John was silent for a moment. Then he turned and crossed the kitchen to the big, chrome refrigerator. In the warm amber glow of appliance light, he looked less ghostly pale and insubstantial; more like the rock-solid Scott and Virgil. Not that there was much time for such comparisons.

Finding what he wanted a moment later, John returned with two dark brown bottles, one of which he tossed at Gordon, saying,

"It's five o'clock, somewhere. And further along your world-line, you're 21."

Gordon squinted at the silvery label, turning it to catch the wan moonlight. American-style lager, of the sort Europeans used to wean their children. John opened his own bottle, then Gordon's, with his fist and the table's edge. Then, gazing at his new-found brother with a direct, amethyst stare, he said,

"It's been awhile. So... fill me in. What's happened?"

Gordon hesitated. He'd thought it wiser to say as little as possible about what he'd left behind. He was supposed to fit back into _their _lives, after all, not the reverse.

"Why 're you askin'?"

John shrugged.

"Either I'm interested, or I'm pretending to be. Does it matter? Either way, I'm listening."

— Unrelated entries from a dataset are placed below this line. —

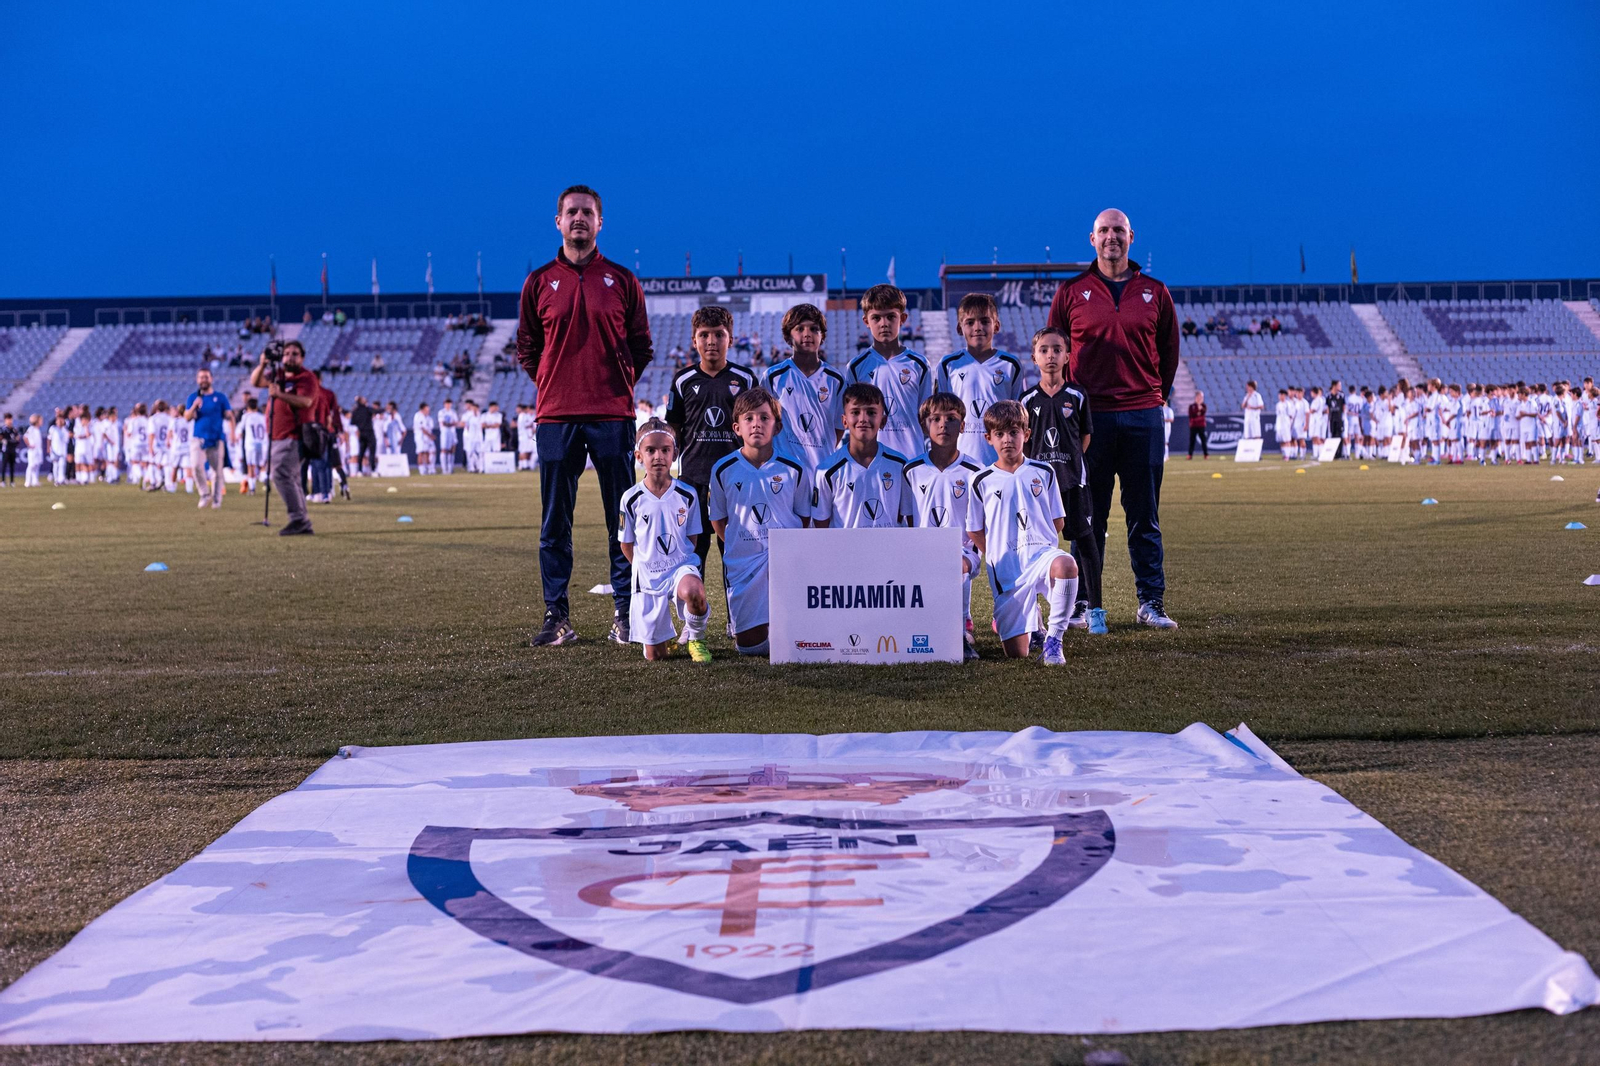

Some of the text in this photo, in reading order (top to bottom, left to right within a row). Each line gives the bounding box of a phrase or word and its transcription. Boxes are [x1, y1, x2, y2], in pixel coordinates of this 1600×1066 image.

[667, 280, 702, 292] CLIMA
[731, 277, 797, 290] JAÉN CLIMA
[159, 425, 168, 441] 6
[251, 424, 264, 440] 10
[807, 580, 924, 609] BENJAMÍN A
[608, 832, 917, 855] JAÉN
[681, 943, 815, 960] 1922

Maybe the _'who gives a shit?' _tone should have made him angry, but Gordon had the odd feeling that John was there because he very much wanted to be; that he'd rushed back, from someplace quite far, just to meet with Gordon privately, and on his own terms.

So, bit by bit, one hesitant word at a time, he sketched the past for his silent brother. The silver window-square of moonlight slid clear across the floor and halfway up the wall, was replaced by pearly-wet, twittering dawn, before he'd talked himself out. He ended on the stubborn and fretful note that,

"Sometimes, late last night, f'r instance, there are noises. Like a bloody damn train wreck, and everyone just ignores them, acts like I've gone three stops past Barking if I even mention I've heard somethin'!"

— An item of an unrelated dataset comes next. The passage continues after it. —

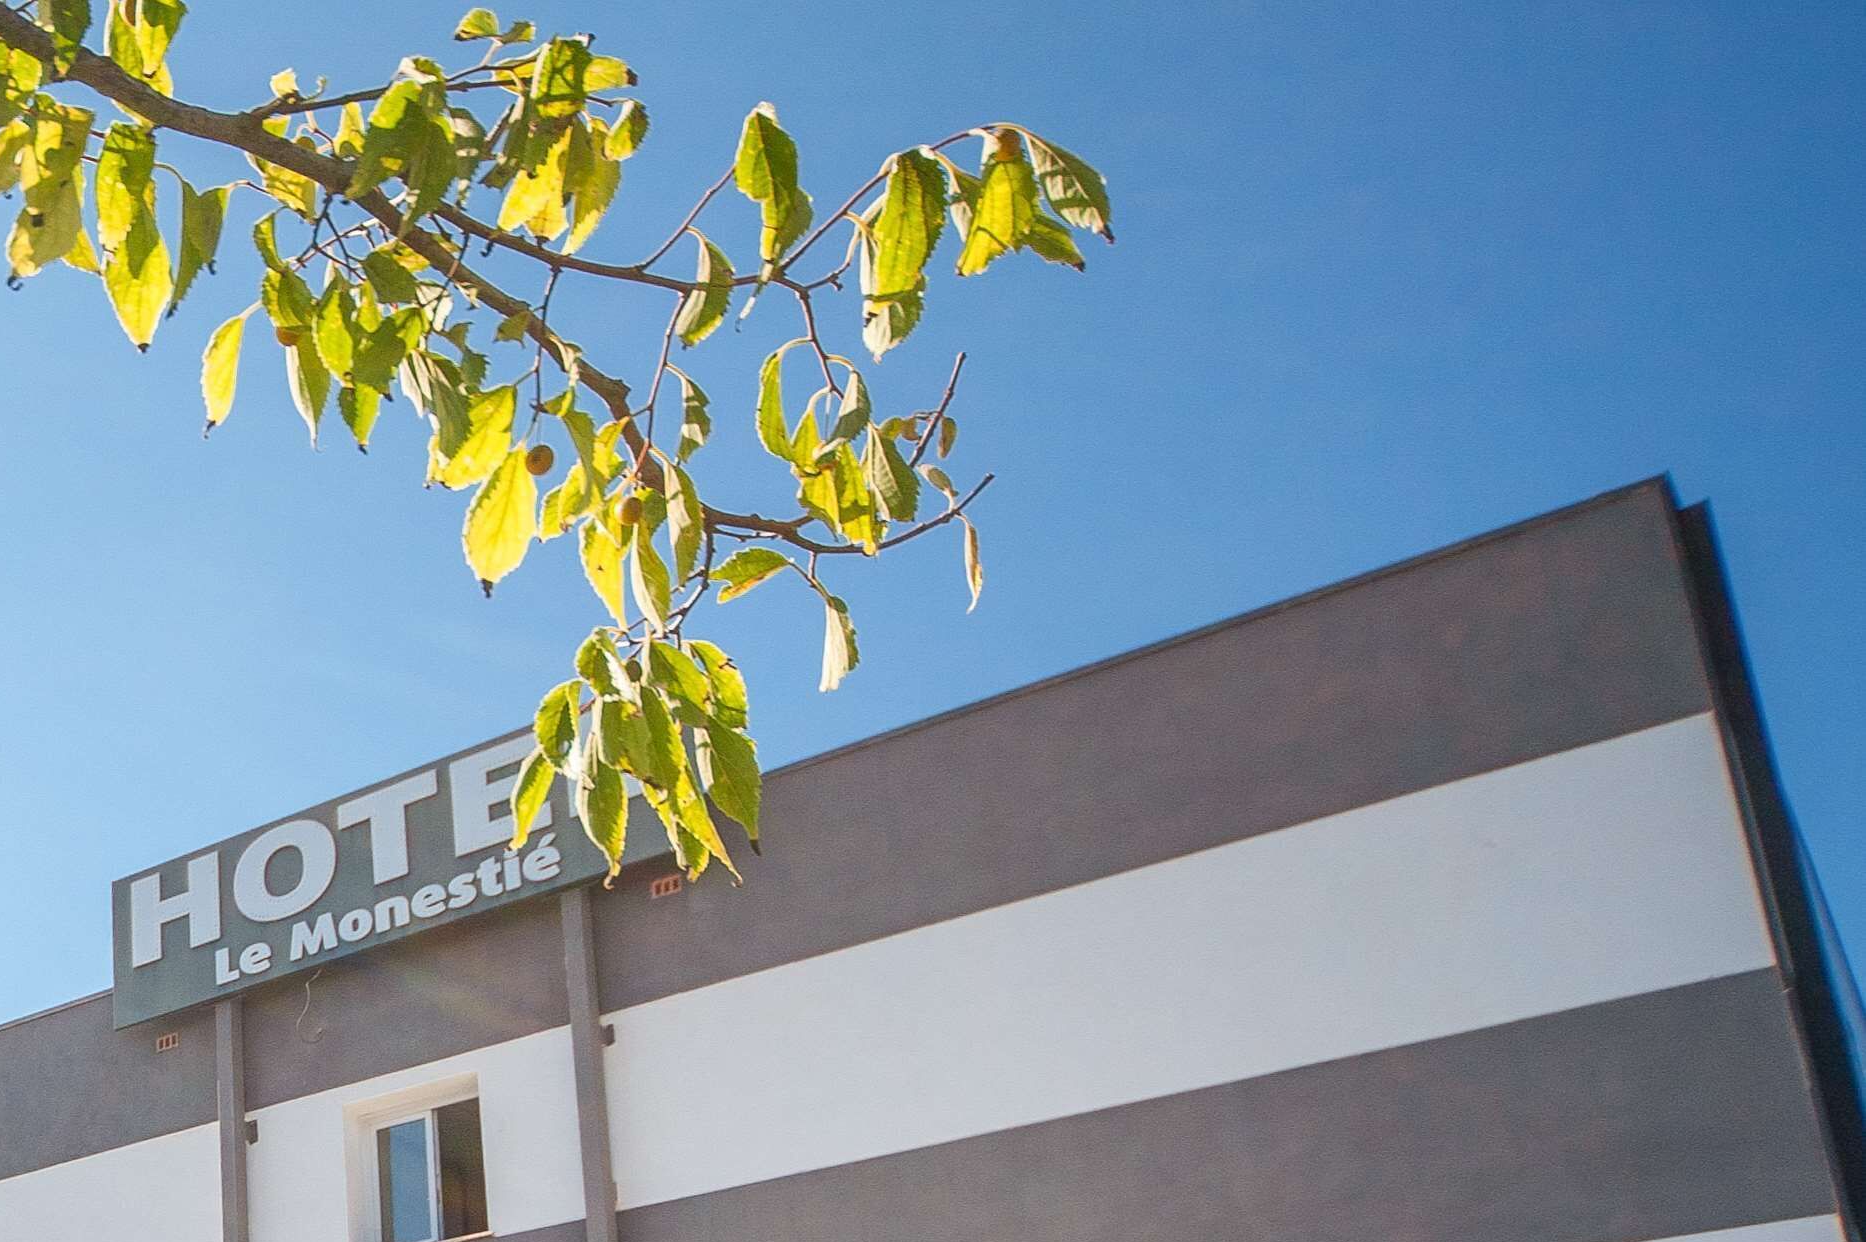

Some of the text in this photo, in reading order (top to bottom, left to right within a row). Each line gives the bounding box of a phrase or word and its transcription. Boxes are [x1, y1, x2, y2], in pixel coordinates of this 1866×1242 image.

[131, 714, 643, 969] HOTE
[214, 832, 562, 986] Le Monestié

John shook his head briefly, a muscle in his left cheek twitching slightly.

"You're not crazy. There _are _occasional loud, um... _events_."

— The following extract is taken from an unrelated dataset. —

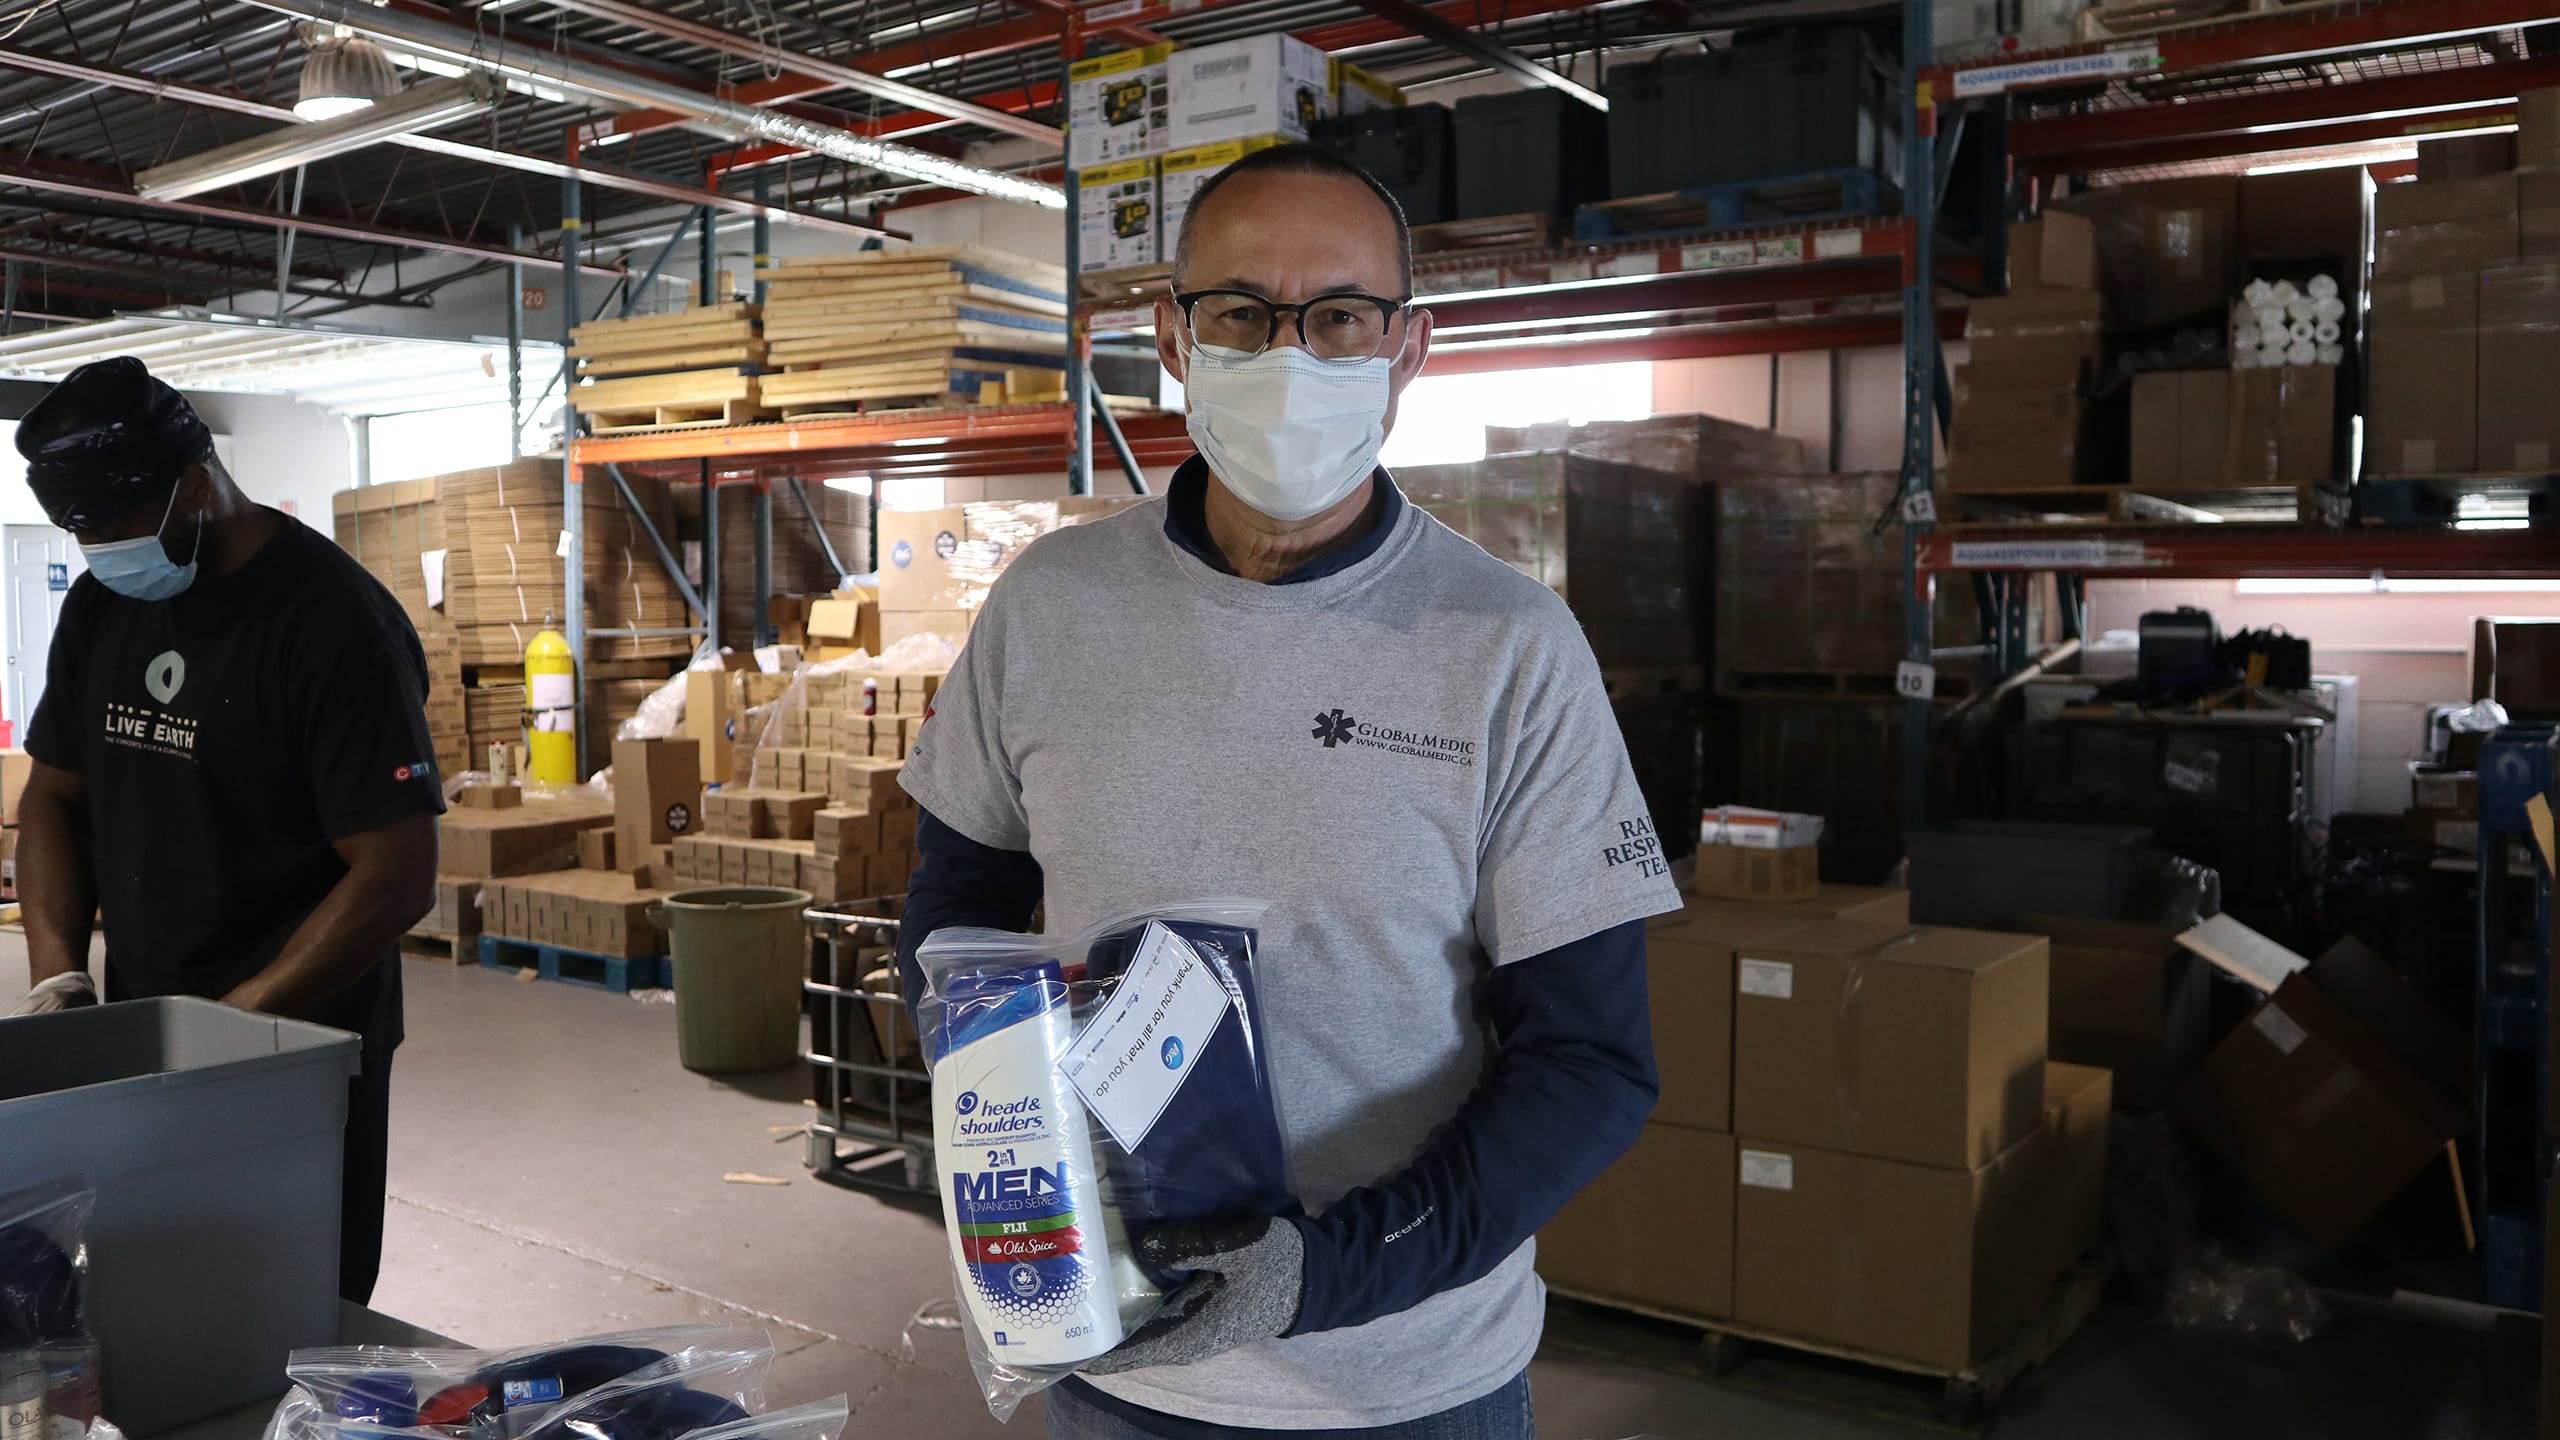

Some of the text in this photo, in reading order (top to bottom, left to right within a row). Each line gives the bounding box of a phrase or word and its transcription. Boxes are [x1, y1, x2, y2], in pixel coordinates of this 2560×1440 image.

Somewhat mollified, but still mulish, Gordon persisted,

"What th' hell are they doin', then? Launchin' rockets?"

"It's not my place to say," John replied calmly. "But, I can tell you this; when he," (a swift head jerk, in the direction of Jeff's office) "...gets around to explaining, I think you'll be very proud to be a part of what's going on."

Gordon's expression must have echoed some angry and turbulent ocean of dissatisfaction, because John added,

"I'll make you a promise: give it three days. If he doesn't completely explain things in that time frame, I will. Deal?"

Gordon nodded, and they shook on it. John released his hand, then turned very still for an instant. Very inward. When he spoke again, it was to say, in a barely audible voice,

"I know things have been chaotic, but give them... _us_... a chance, please. You may not remember us, Gordon, but we never forgot you. They're trying to make thirteen years just disappear, and they don't realize yet, that they can't. I'll talk to them."

Gordon gave his new brother a slightly lop-sided smile, and allowed himself to wonder, for the first time, what it might have been like, to grow up with the "American Cousins". Maybe, after all, he could find a place here.

"Right," he said. "Thanks, John."


	2. Chapter 2: Father and Son

2

_A rough first encounter._

He hadn't had to leave Europeimmediately after the funeral. Already well accustomed to dorm life, Gordon was able to stay in Madrid until the end of the summer swim season.

One Tuesday evening, after an exhausting series of kick sets, but before the warm-down, he got summoned over the intercom, to the coaches' office. The men's swim team weren't the only lot who practiced at this complex, nor was Kevin McMahon the only coach. There were divers, water polo players, the girls' team, and the synchronized swimmers to be scheduled around. Big as the European Union's Natatorium was, the various teams and their coaches were still packed in, cheek by jowl.

Gordon was a little surprised, then, that precious training time would be wasted on some sort of conference. Hauling himself out of the east pool and into a fluorescent-lit babble of shouts and splashing and shrill whistles, Gordon glanced over at his best friend, Royce. The other boy was two years older, of Jamaican extraction, and a full head taller.

"Dunno, Mate," he said, in response to Gordon's questioning look. "Could be ee's decided t' switch y' back t' butterfly. 'Ang on a bit, I'll come along."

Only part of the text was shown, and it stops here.